* [Spatial localization data]
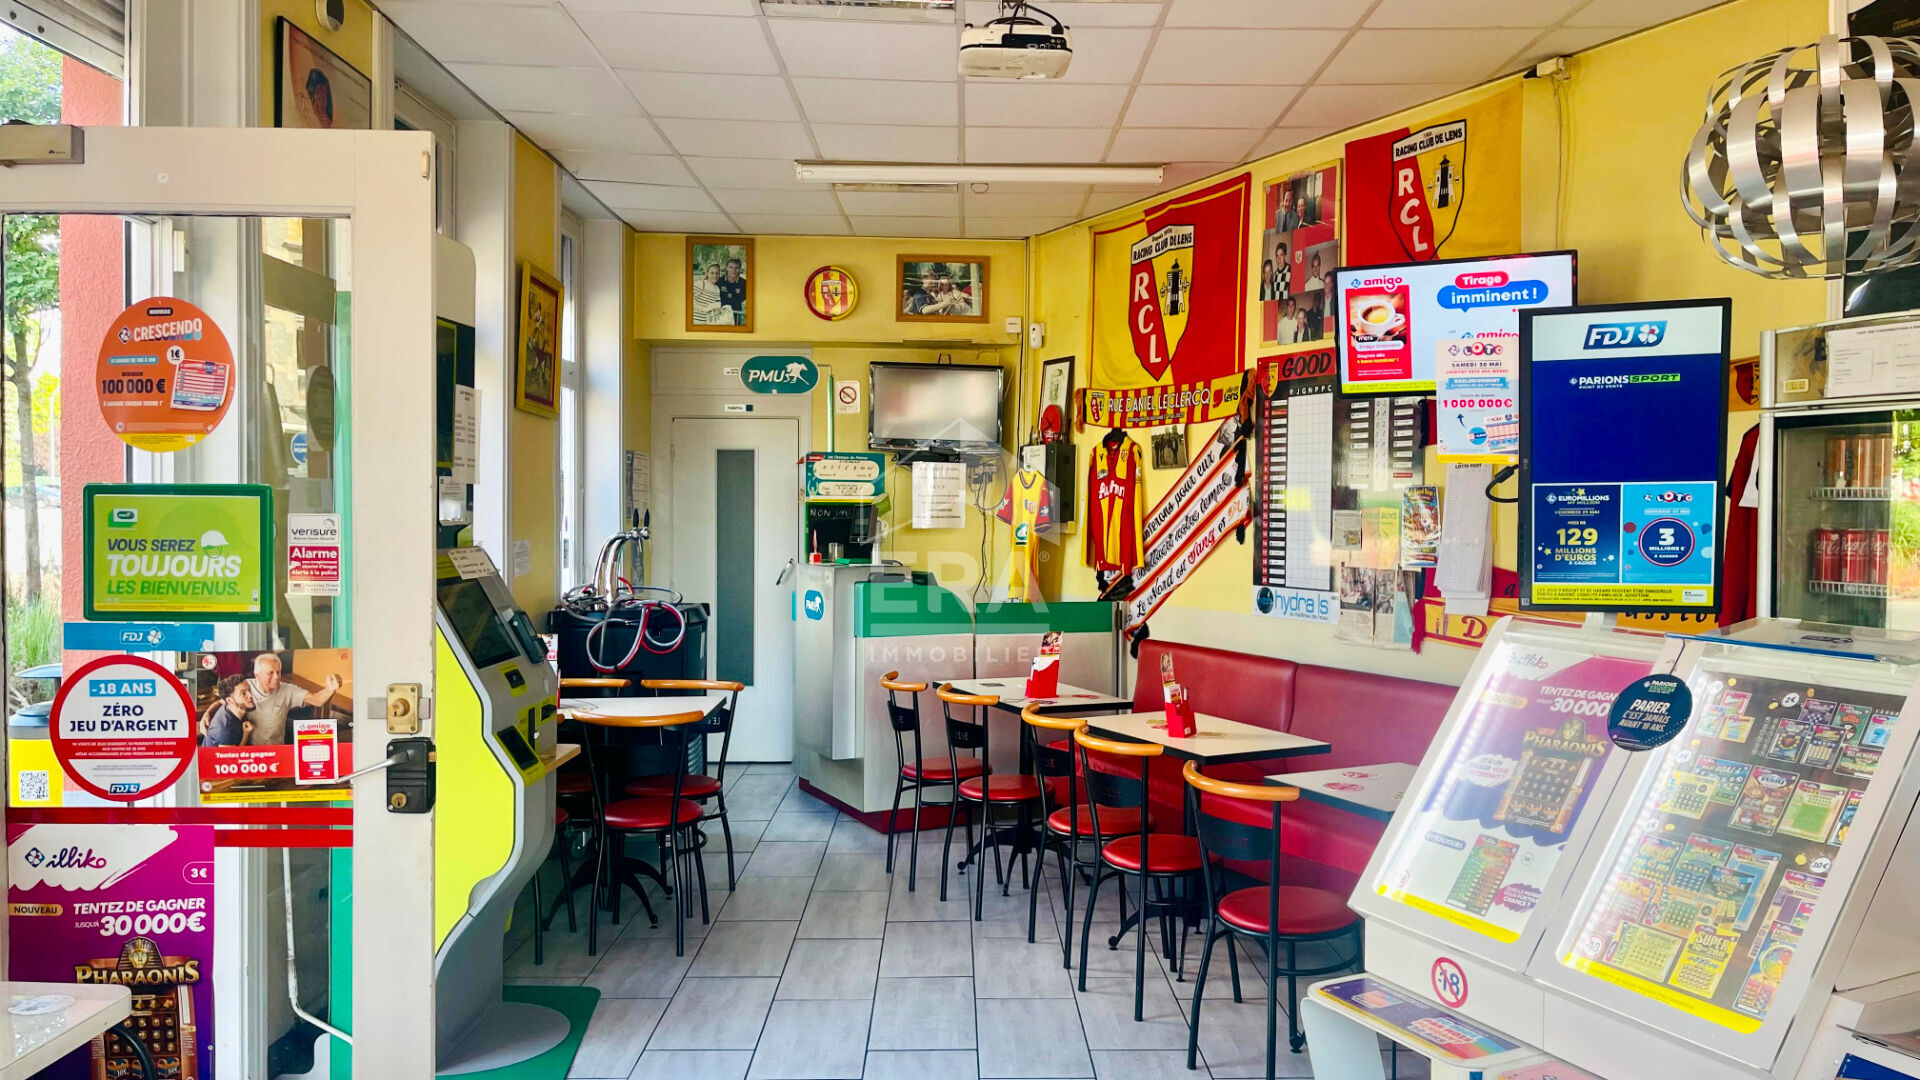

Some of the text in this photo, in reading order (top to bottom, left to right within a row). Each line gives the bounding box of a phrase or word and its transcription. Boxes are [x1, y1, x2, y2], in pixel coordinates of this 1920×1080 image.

[1396, 128, 1463, 157] RACING CLUB DE LENS
[1133, 232, 1193, 261] RACING CLUB DE LENS
[1364, 275, 1403, 293] amigo
[1462, 274, 1502, 287] Tirage
[1451, 287, 1538, 305] imminent !
[133, 318, 203, 342] CRESCENDO
[1588, 326, 1635, 346] FDJ
[171, 349, 180, 358] 1€
[1463, 341, 1503, 356] LOTO
[1282, 352, 1332, 378] GOOD
[748, 370, 785, 382] PMU
[1579, 374, 1680, 385] PARIONS SPORT
[102, 379, 165, 394] 100 000 €
[1107, 397, 1123, 412] RUE
[1125, 395, 1156, 412] DANIEL
[1158, 388, 1211, 409] LECLERCQ
[1223, 392, 1238, 402] Lens
[1451, 400, 1475, 408] 000
[1176, 476, 1197, 508] pour
[1196, 451, 1215, 476] eux
[1558, 494, 1609, 502] EUROMILLIONS
[1657, 491, 1693, 503] LOTO
[1556, 528, 1598, 546] 129
[1659, 528, 1675, 546] 3
[107, 539, 195, 552] VOUS SEREZ
[291, 547, 337, 558] Alarme
[1187, 528, 1216, 564] Sang
[1555, 553, 1596, 561] D'EUROS
[106, 554, 242, 577] TOUJOURS
[107, 579, 241, 596] LES BIENVENUS.
[1275, 590, 1315, 615] hydra
[1462, 616, 1488, 639] D
[122, 632, 143, 641] FDJ
[91, 682, 152, 694] -18 ANS
[1540, 685, 1619, 701] TENTEZ DE GAGN
[103, 702, 144, 717] ZÉRO
[1549, 698, 1611, 717] 30 000
[1630, 699, 1671, 715] PARIER,
[70, 719, 178, 732] JEU D'ARGENT
[307, 722, 331, 732] amigo
[1522, 731, 1608, 757] PHARAONIS
[214, 764, 238, 774] 100
[240, 763, 267, 773] 000
[111, 785, 128, 793] FDJ
[46, 846, 107, 869] illiko
[190, 867, 207, 879] 3€
[13, 905, 58, 915] NOUVEAU
[73, 897, 206, 915] TENTEZ DE GAGNER
[99, 914, 133, 937] 30
[74, 959, 201, 985] PHARAONIS
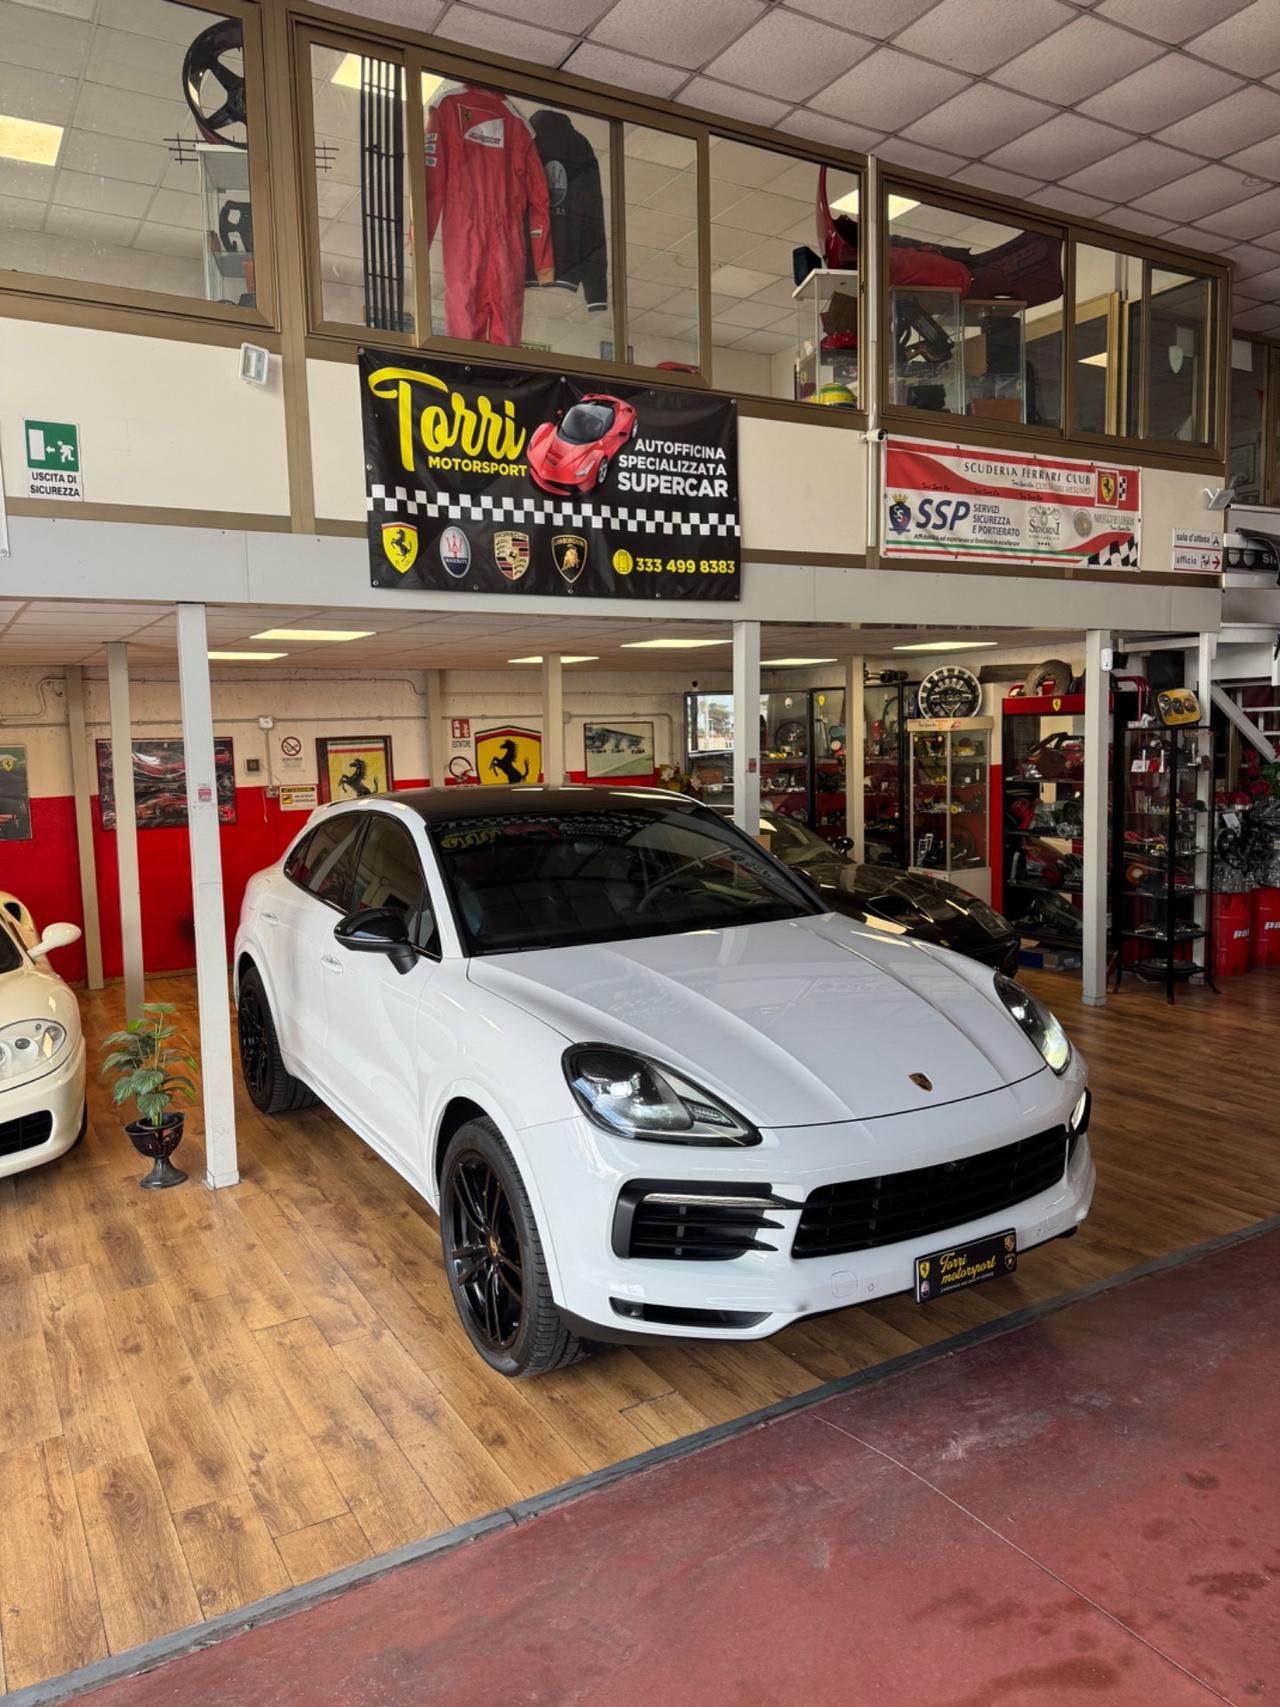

* [ACTIVITY] Write out every entry above exactly, minus the pictures.

* [RESPONSE TO THE EXERCISE]
Some of the text in this photo, in reading order (top to bottom, left to right within a row). Each line gives the bounding box of a phrase or word and its transcription. Boxes are [x1, y1, x2, y2], in pixel coordinates of this 1920×1080 image.

[1396, 128, 1463, 157] RACING CLUB DE LENS
[1133, 232, 1193, 261] RACING CLUB DE LENS
[1364, 275, 1403, 293] amigo
[1462, 274, 1502, 287] Tirage
[1451, 287, 1538, 305] imminent !
[133, 318, 203, 342] CRESCENDO
[1588, 326, 1635, 346] FDJ
[171, 349, 180, 358] 1€
[1463, 341, 1503, 356] LOTO
[1282, 352, 1332, 378] GOOD
[748, 370, 785, 382] PMU
[1579, 374, 1680, 385] PARIONS SPORT
[102, 379, 165, 394] 100 000 €
[1107, 397, 1123, 412] RUE
[1125, 395, 1156, 412] DANIEL
[1158, 388, 1211, 409] LECLERCQ
[1223, 392, 1238, 402] Lens
[1451, 400, 1475, 408] 000
[1176, 476, 1197, 508] pour
[1196, 451, 1215, 476] eux
[1558, 494, 1609, 502] EUROMILLIONS
[1657, 491, 1693, 503] LOTO
[1556, 528, 1598, 546] 129
[1659, 528, 1675, 546] 3
[107, 539, 195, 552] VOUS SEREZ
[291, 547, 337, 558] Alarme
[1187, 528, 1216, 564] Sang
[1555, 553, 1596, 561] D'EUROS
[106, 554, 242, 577] TOUJOURS
[107, 579, 241, 596] LES BIENVENUS.
[1275, 590, 1315, 615] hydra
[1462, 616, 1488, 639] D
[122, 632, 143, 641] FDJ
[91, 682, 152, 694] -18 ANS
[1540, 685, 1619, 701] TENTEZ DE GAGN
[103, 702, 144, 717] ZÉRO
[1549, 698, 1611, 717] 30 000
[1630, 699, 1671, 715] PARIER,
[70, 719, 178, 732] JEU D'ARGENT
[307, 722, 331, 732] amigo
[1522, 731, 1608, 757] PHARAONIS
[214, 764, 238, 774] 100
[240, 763, 267, 773] 000
[111, 785, 128, 793] FDJ
[46, 846, 107, 869] illiko
[190, 867, 207, 879] 3€
[13, 905, 58, 915] NOUVEAU
[73, 897, 206, 915] TENTEZ DE GAGNER
[99, 914, 133, 937] 30
[74, 959, 201, 985] PHARAONIS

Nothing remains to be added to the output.